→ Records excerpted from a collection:
========================================================================

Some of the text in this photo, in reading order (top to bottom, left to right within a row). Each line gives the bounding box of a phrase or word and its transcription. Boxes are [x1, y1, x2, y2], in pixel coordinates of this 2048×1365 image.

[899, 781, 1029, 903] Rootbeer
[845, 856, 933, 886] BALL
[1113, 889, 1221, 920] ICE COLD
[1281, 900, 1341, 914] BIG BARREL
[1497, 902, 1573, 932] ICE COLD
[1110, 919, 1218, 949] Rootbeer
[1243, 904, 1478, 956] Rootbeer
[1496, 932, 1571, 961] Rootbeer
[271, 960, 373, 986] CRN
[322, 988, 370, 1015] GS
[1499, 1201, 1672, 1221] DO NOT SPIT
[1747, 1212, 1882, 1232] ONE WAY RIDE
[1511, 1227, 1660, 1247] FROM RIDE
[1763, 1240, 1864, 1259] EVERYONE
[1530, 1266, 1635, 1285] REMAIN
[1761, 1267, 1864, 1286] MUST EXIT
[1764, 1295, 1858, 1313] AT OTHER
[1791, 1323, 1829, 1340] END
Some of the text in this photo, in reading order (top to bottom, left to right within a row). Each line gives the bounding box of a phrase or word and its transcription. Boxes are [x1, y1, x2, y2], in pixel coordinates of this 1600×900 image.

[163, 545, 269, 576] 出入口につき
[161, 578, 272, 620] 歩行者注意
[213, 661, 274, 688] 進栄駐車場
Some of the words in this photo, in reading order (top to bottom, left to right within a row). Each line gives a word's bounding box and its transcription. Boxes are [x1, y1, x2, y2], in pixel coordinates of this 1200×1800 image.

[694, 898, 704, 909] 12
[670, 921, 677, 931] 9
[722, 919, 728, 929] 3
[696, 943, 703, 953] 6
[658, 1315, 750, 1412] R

========================================================================

→ WHAT TO WORK ON: Reproduce the data, keeping every line exactly the same.

→ WRITTEN SOLUTION:
Some of the text in this photo, in reading order (top to bottom, left to right within a row). Each line gives the bounding box of a phrase or word and its transcription. Boxes are [x1, y1, x2, y2], in pixel coordinates of this 2048×1365 image.

[899, 781, 1029, 903] Rootbeer
[845, 856, 933, 886] BALL
[1113, 889, 1221, 920] ICE COLD
[1281, 900, 1341, 914] BIG BARREL
[1497, 902, 1573, 932] ICE COLD
[1110, 919, 1218, 949] Rootbeer
[1243, 904, 1478, 956] Rootbeer
[1496, 932, 1571, 961] Rootbeer
[271, 960, 373, 986] CRN
[322, 988, 370, 1015] GS
[1499, 1201, 1672, 1221] DO NOT SPIT
[1747, 1212, 1882, 1232] ONE WAY RIDE
[1511, 1227, 1660, 1247] FROM RIDE
[1763, 1240, 1864, 1259] EVERYONE
[1530, 1266, 1635, 1285] REMAIN
[1761, 1267, 1864, 1286] MUST EXIT
[1764, 1295, 1858, 1313] AT OTHER
[1791, 1323, 1829, 1340] END
Some of the text in this photo, in reading order (top to bottom, left to right within a row). Each line gives the bounding box of a phrase or word and its transcription. Boxes are [x1, y1, x2, y2], in pixel coordinates of this 1600×900 image.

[163, 545, 269, 576] 出入口につき
[161, 578, 272, 620] 歩行者注意
[213, 661, 274, 688] 進栄駐車場
Some of the words in this photo, in reading order (top to bottom, left to right within a row). Each line gives a word's bounding box and its transcription. Boxes are [x1, y1, x2, y2], in pixel coordinates of this 1200×1800 image.

[694, 898, 704, 909] 12
[670, 921, 677, 931] 9
[722, 919, 728, 929] 3
[696, 943, 703, 953] 6
[658, 1315, 750, 1412] R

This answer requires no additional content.